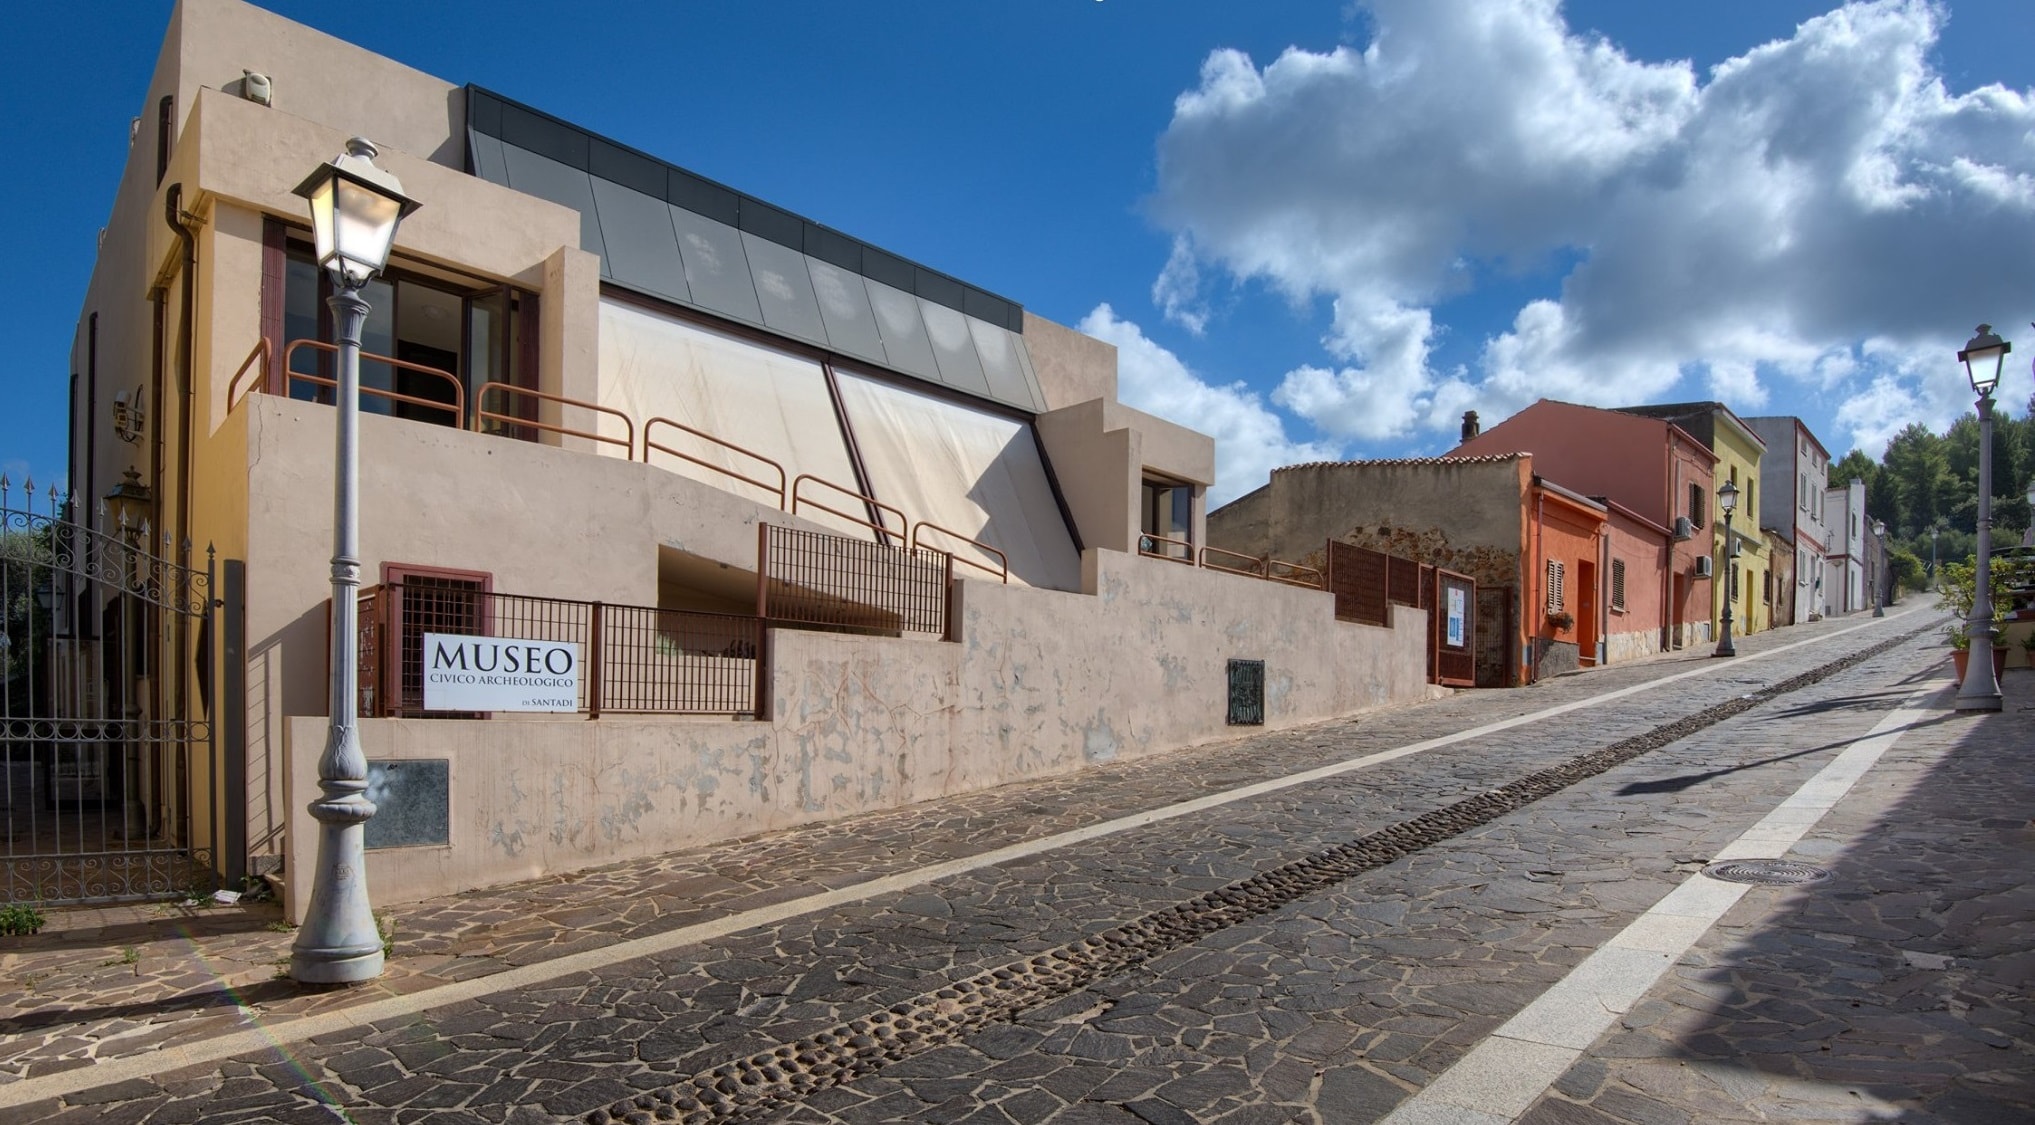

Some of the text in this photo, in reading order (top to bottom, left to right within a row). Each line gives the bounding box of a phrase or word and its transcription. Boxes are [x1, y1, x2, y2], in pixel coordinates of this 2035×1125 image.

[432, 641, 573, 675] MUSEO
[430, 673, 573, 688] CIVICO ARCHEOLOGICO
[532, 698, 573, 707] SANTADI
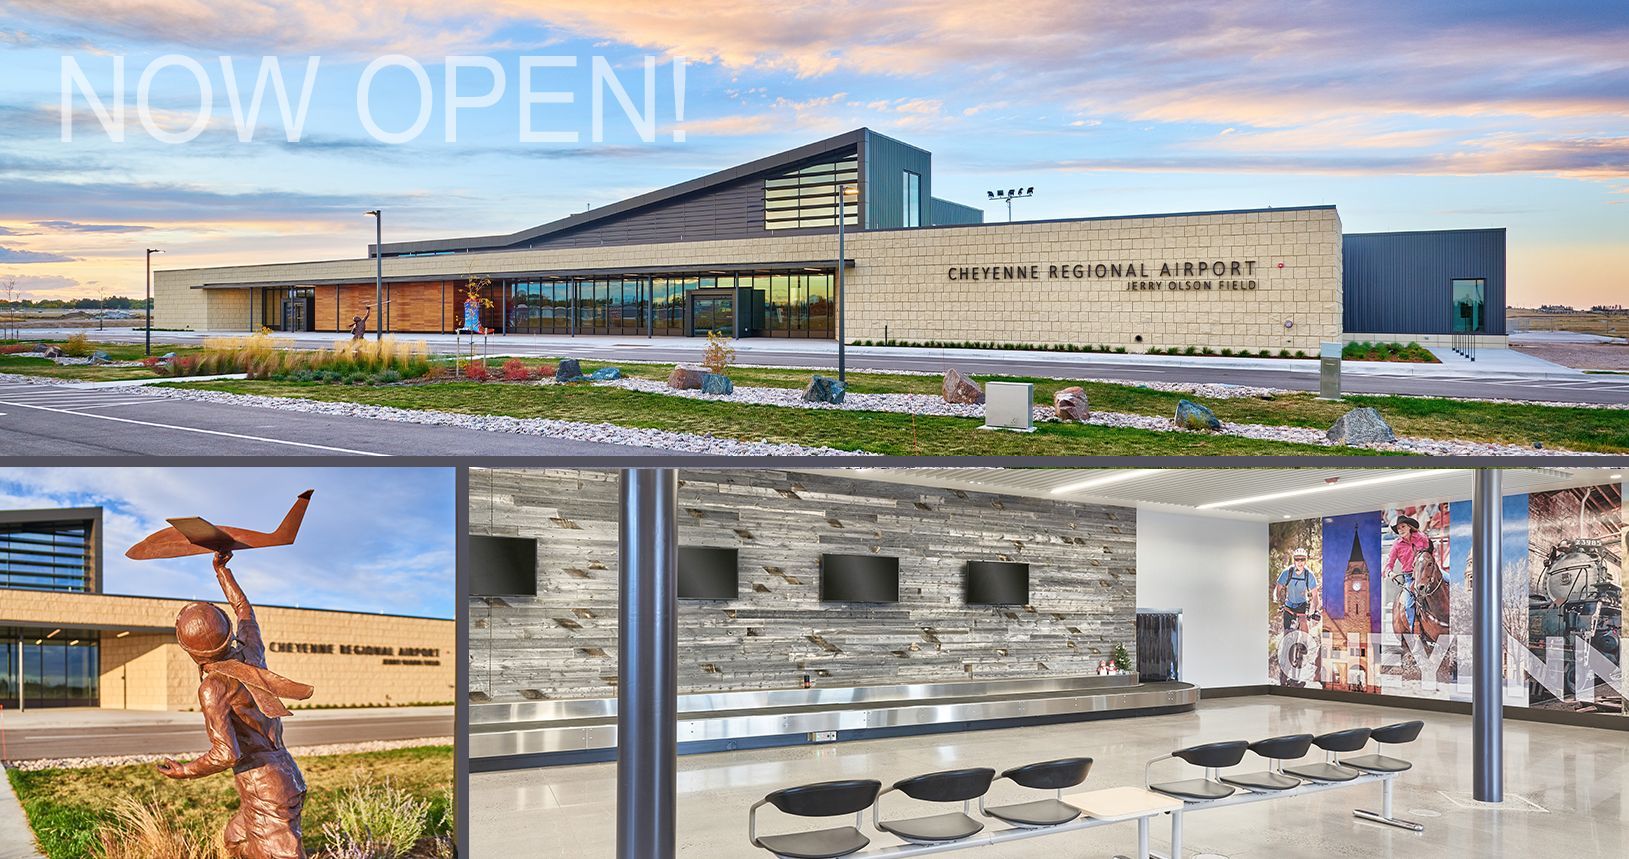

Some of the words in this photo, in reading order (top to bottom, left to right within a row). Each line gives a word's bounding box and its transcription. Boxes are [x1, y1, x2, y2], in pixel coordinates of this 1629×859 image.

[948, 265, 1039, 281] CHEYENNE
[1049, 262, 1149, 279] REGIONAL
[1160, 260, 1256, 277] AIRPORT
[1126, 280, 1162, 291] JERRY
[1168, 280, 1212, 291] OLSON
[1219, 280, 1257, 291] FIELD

» Problem requirements: The material above should be repeated word for word, with every picture omitted.

» Completed exercise:
Some of the text in this photo, in reading order (top to bottom, left to right within a row). Each line gives the bounding box of a phrase or word and its transcription. Boxes are [x1, y1, x2, y2], in pixel coordinates of this 2035×1125 image.

[432, 641, 573, 675] MUSEO
[430, 673, 573, 688] CIVICO ARCHEOLOGICO
[532, 698, 573, 707] SANTADI

Some of the words in this photo, in reading order (top to bottom, left to right within a row). Each line gives a word's bounding box and its transcription. Boxes are [x1, y1, x2, y2], in pixel coordinates of this 1629×859 image.

[948, 265, 1039, 281] CHEYENNE
[1049, 262, 1149, 279] REGIONAL
[1160, 260, 1256, 277] AIRPORT
[1126, 280, 1162, 291] JERRY
[1168, 280, 1212, 291] OLSON
[1219, 280, 1257, 291] FIELD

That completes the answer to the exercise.